Hier ging es allerdings streng genommen gar nicht um eine Ausschlussfrist, denn die Pflicht zur Mitteilung des offensichtlichen Mangels stand im vorliegenden Fall einfach als vertragliche Nebenpflicht im Raume, wobei die Verletzung dieser Pflicht nicht per se zum Ausschluss von Gewährleistungsrechten führte. Auch wenn die Klausel bei Nichteinhalten der Anzeigepflicht den Ausschluss der Gewährleistungsrechte vorsähe, ging es in der Sache auch nicht um eine Anzeigepflicht bei nicht offensichtlichen Mängeln, sondern gerade um das Gegenteil, nämlich eine Anzeigepflicht bei offensichtlichen Mängeln.

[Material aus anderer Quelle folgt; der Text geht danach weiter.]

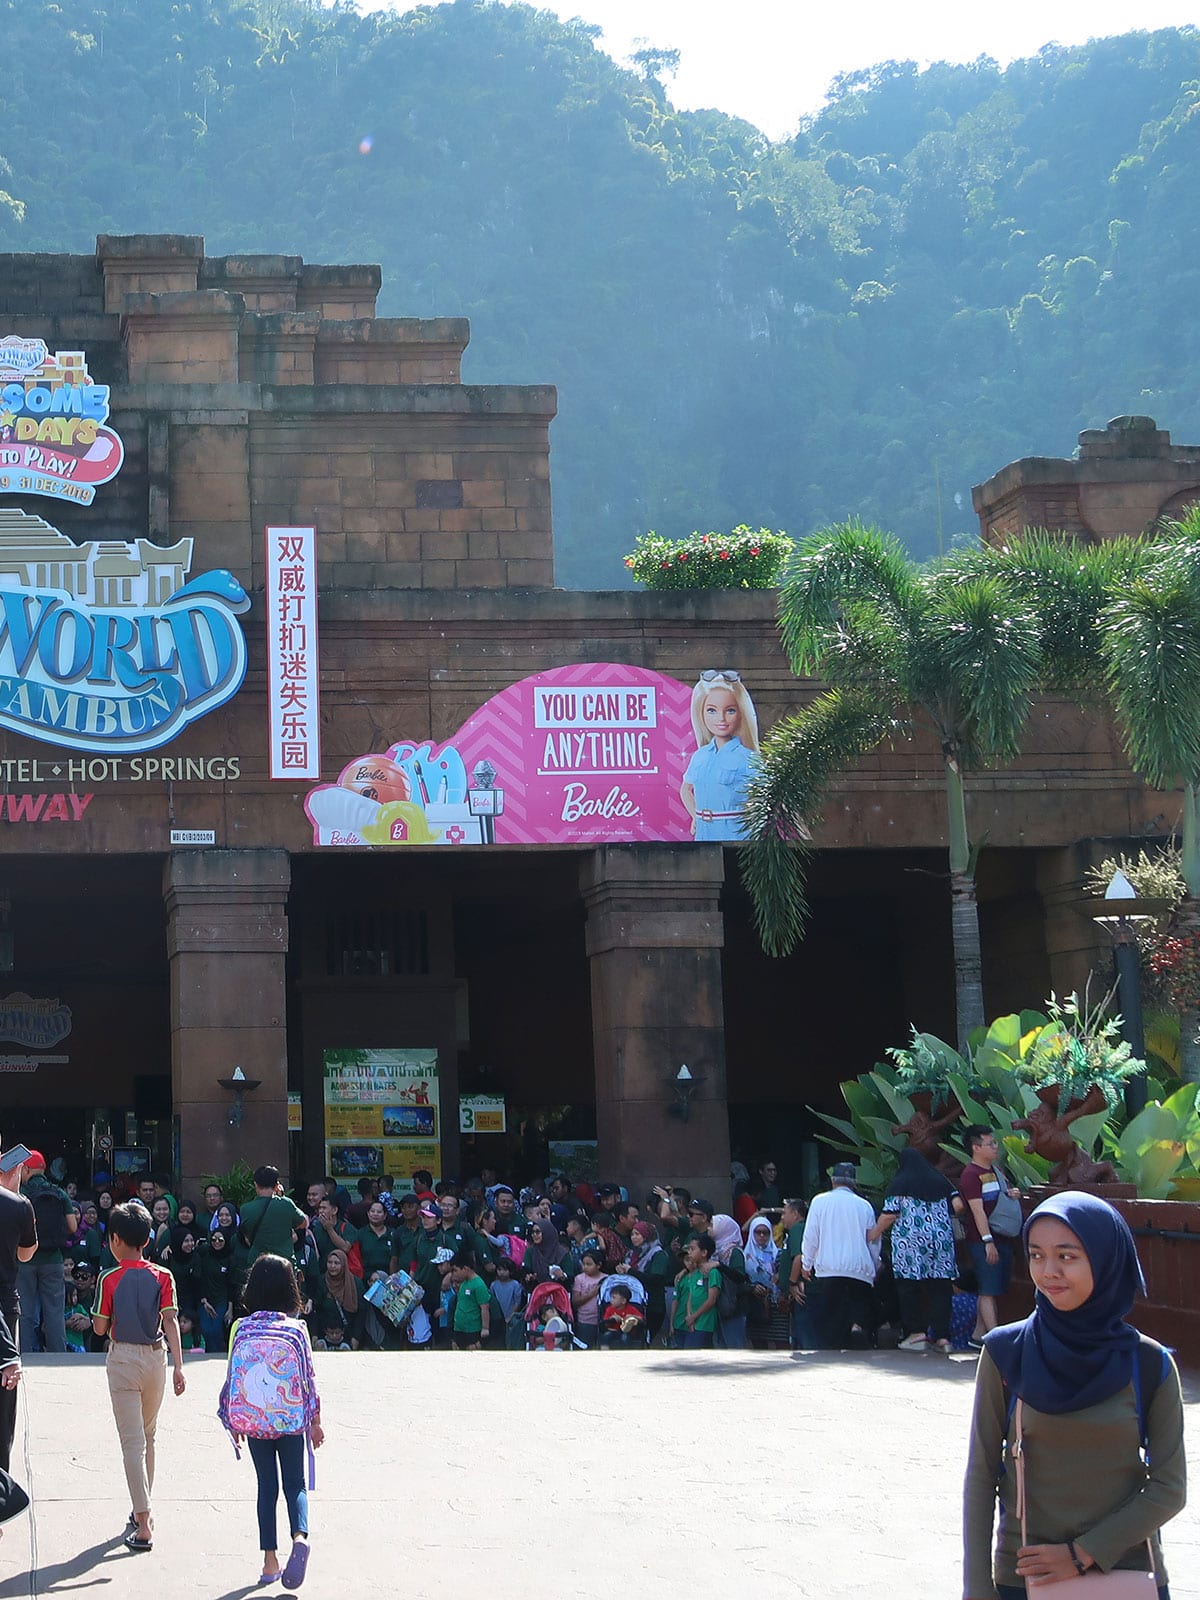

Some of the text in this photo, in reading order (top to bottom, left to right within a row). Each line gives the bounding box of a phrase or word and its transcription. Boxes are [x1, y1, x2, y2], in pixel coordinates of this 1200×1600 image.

Unangemessene Benachteiligung i.S.d. § 307 BGB
Angesichts der Tatsache, dass § 309 Nr. 8 b) ee) BGB bereits die Nichtigkeit bei Vorliegen einer Ausschlussfrist bei nicht offensichtlichen Mängeln vorsieht, könnte man im Umkehrschluss bei der nachfolgenden Prüfung von § 307 BGB anbringen, dass eine Klausel, die lediglich eine Prüfpflicht bei offensichtlichen Mängeln vorsieht, gerade keine unangemessene Beteiligung entgegen dem Grundsatz von Treu und Glauben darstellt. Dies sah das OLG Hamm auch so, so dass im Rahmen der allgemeinen Klauselkontrolle zu folgern sei, dass solche Ausschlussfristen bezogen auf offensichtliche Mängel im Allgemeinen nicht zu beanstanden seien.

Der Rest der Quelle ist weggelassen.